Detergent extracts prepared from cells after exposure to hypoxia or normoxia for either 24 or 48 h were tested for caspase cleavage activities, and specific inhibitors for control measurements were used as described in Materials and Methods. N-Ac-DEVD-AFC is cleaved by caspase-3 and -7, but may also be cleaved by other caspases, N-Ac-YVAD-AFC is cleaved by caspase-1, N-Ac-IETD-AMC by caspase-8, N-Ac-LEHD-AFC by caspase-9, and N-Ac-AEVD-AFC by caspase-10. Activities of caspase-3, -8, -9 and -10 were clearly and consistently elevated during hypoxia treatment for up to 48 h compared to normoxic growth for the 686 (Figure 6) and 1386 (Figure 7) cell line pairs. In contrast, only low caspase-1 activities were found for all four cell lines in normoxic condition, and these were not substantially altered after hypoxia challenge at any of the times examined (Figures 6A and 7A).
Figure 6

Hypoxia-stimulated caspase activities in 686 oral cancer cells. The 686Tu (open bars) and 686Ln (closed bars) cells were exposed to hypoxia or normoxic control growth for 24 or 48 hours, and induction of caspase activities were assayed as described in Materials & Methods. A: caspase-1; B: caspase-3; C: caspase-8; D: caspase-9; E: caspase-10. The means ± S. D. of three independent experiments are shown.

Figure 7

Hypoxia-stimulated caspase activation in 1386 oral cancer cells. The 1386Tu (open bars) and 1386Ln (closed bars) were analyzed; other legend details are as for Figure 6.

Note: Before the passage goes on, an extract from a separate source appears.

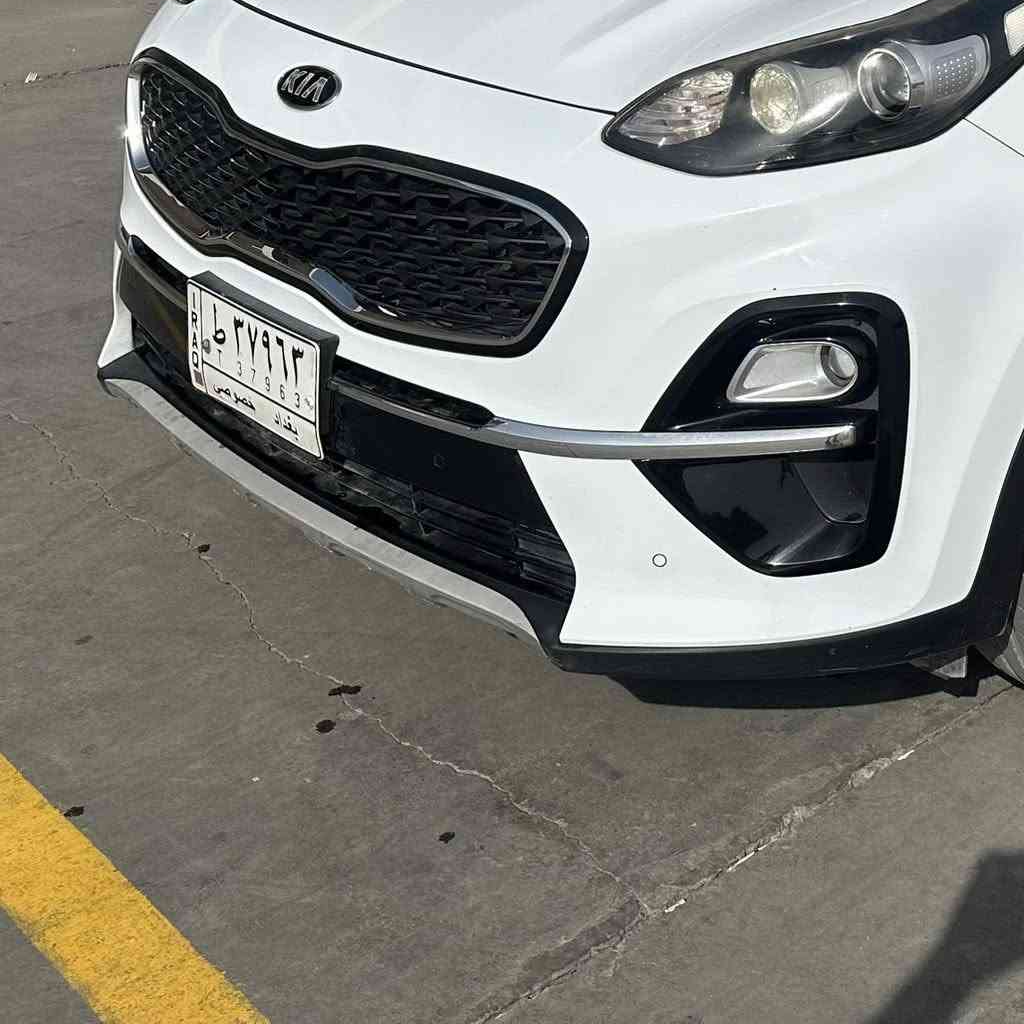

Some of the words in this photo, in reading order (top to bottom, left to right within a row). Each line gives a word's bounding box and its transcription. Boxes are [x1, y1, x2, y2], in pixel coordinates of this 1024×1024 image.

Overall, significant induction of hypoxia-mediated cleavage activities for the N-Ac-DEVD-AFC, N-Ac-IETD-AMC and N-Ac-LEHD-AFC substrates was detected in all four cell extracts, and induction of these activities correlated well with the levels observed for caspase-3, caspase-8 and caspase-9 protein expression and processing. Thus, induction of apoptosis was preceded by the activation of activator caspase-8, initiating receptor-mediated apoptosis, and caspase-9, initiating mitochondrial apoptosis, as well as the effector caspase-3.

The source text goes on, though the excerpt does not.